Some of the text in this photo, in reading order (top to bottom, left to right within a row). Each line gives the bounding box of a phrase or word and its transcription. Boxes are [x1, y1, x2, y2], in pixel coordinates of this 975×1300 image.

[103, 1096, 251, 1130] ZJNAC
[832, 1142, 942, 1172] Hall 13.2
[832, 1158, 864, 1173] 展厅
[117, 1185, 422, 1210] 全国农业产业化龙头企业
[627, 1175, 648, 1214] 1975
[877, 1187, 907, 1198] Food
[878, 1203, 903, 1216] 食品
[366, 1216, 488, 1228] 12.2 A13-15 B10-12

YOUR GOAL
Retype the entries precisely as they stand.

TASK ANSWER
Some of the text in this photo, in reading order (top to bottom, left to right within a row). Each line gives the bounding box of a phrase or word and its transcription. Boxes are [x1, y1, x2, y2], in pixel coordinates of this 975×1300 image.

[103, 1096, 251, 1130] ZJNAC
[832, 1142, 942, 1172] Hall 13.2
[832, 1158, 864, 1173] 展厅
[117, 1185, 422, 1210] 全国农业产业化龙头企业
[627, 1175, 648, 1214] 1975
[877, 1187, 907, 1198] Food
[878, 1203, 903, 1216] 食品
[366, 1216, 488, 1228] 12.2 A13-15 B10-12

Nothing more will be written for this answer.